TASK INPUTS:

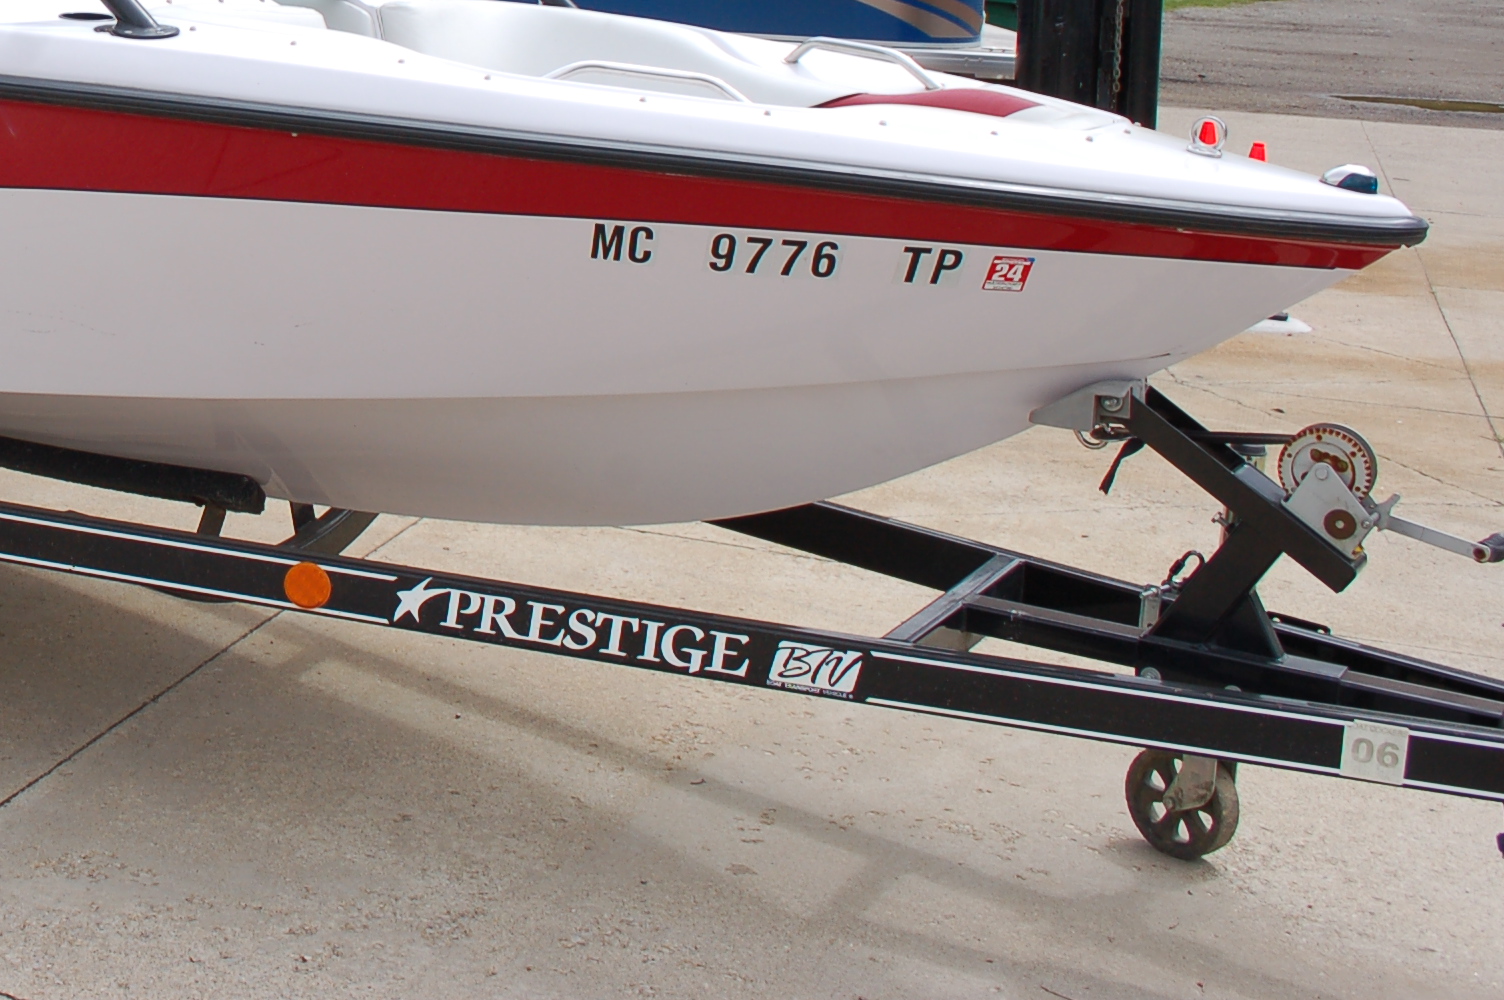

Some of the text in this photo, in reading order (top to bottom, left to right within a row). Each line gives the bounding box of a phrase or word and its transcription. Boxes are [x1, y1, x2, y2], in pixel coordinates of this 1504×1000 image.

[590, 223, 963, 285] MC 9776 TP
[991, 263, 1025, 282] 24
[440, 587, 750, 678] PRESTIGE
[1351, 737, 1400, 768] 06

EXERCISE PROMPT:
Exclude every picture and restate the listing word for word.

ANSWER BOX:
Some of the text in this photo, in reading order (top to bottom, left to right within a row). Each line gives the bounding box of a phrase or word and its transcription. Boxes are [x1, y1, x2, y2], in pixel coordinates of this 1504×1000 image.

[590, 223, 963, 285] MC 9776 TP
[991, 263, 1025, 282] 24
[440, 587, 750, 678] PRESTIGE
[1351, 737, 1400, 768] 06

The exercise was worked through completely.